## Task prompt
Every entry below must be transcribed word for word, and the images must be left out.

Start of Records shown

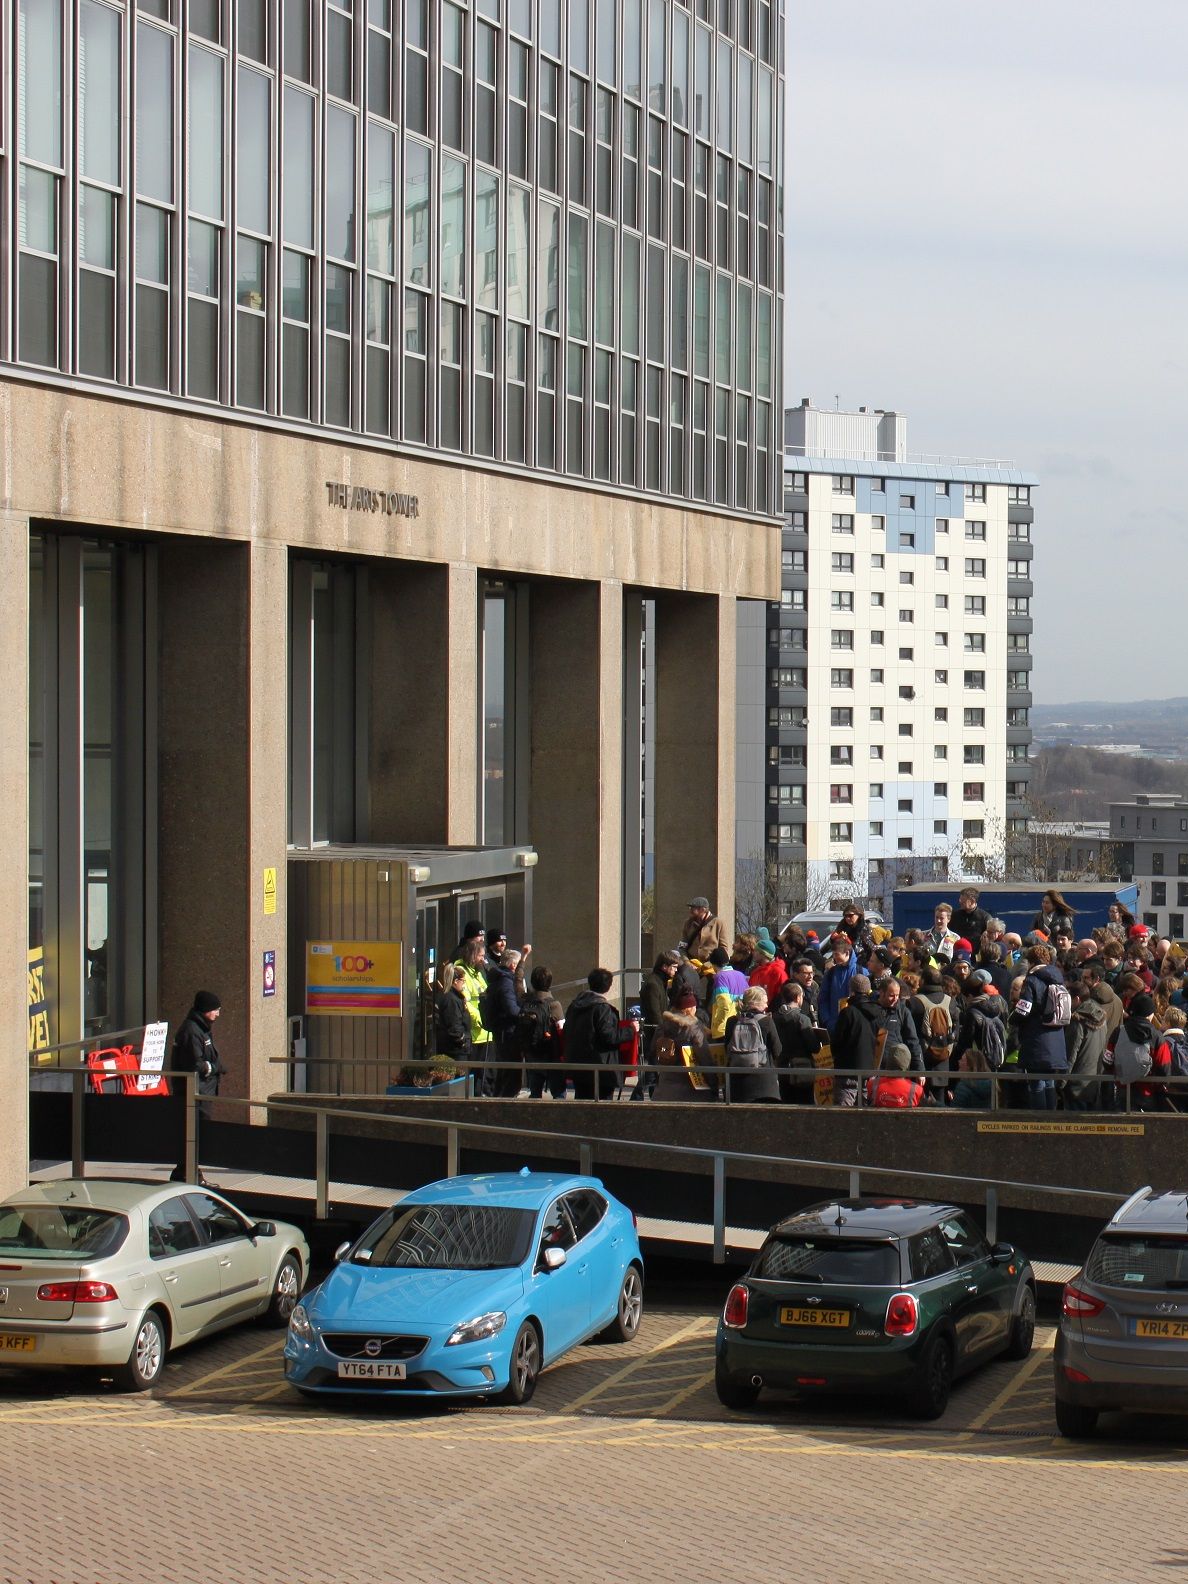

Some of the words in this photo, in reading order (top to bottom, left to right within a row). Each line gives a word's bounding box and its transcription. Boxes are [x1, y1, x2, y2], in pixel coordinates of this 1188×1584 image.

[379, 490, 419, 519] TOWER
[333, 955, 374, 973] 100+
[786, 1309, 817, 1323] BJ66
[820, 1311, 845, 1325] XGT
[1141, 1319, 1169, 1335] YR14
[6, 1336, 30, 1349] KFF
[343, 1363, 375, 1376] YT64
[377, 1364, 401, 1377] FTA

End of Records shown

## Solution for this exercise
Some of the words in this photo, in reading order (top to bottom, left to right within a row). Each line gives a word's bounding box and its transcription. Boxes are [x1, y1, x2, y2], in pixel coordinates of this 1188×1584 image.

[379, 490, 419, 519] TOWER
[333, 955, 374, 973] 100+
[786, 1309, 817, 1323] BJ66
[820, 1311, 845, 1325] XGT
[1141, 1319, 1169, 1335] YR14
[6, 1336, 30, 1349] KFF
[343, 1363, 375, 1376] YT64
[377, 1364, 401, 1377] FTA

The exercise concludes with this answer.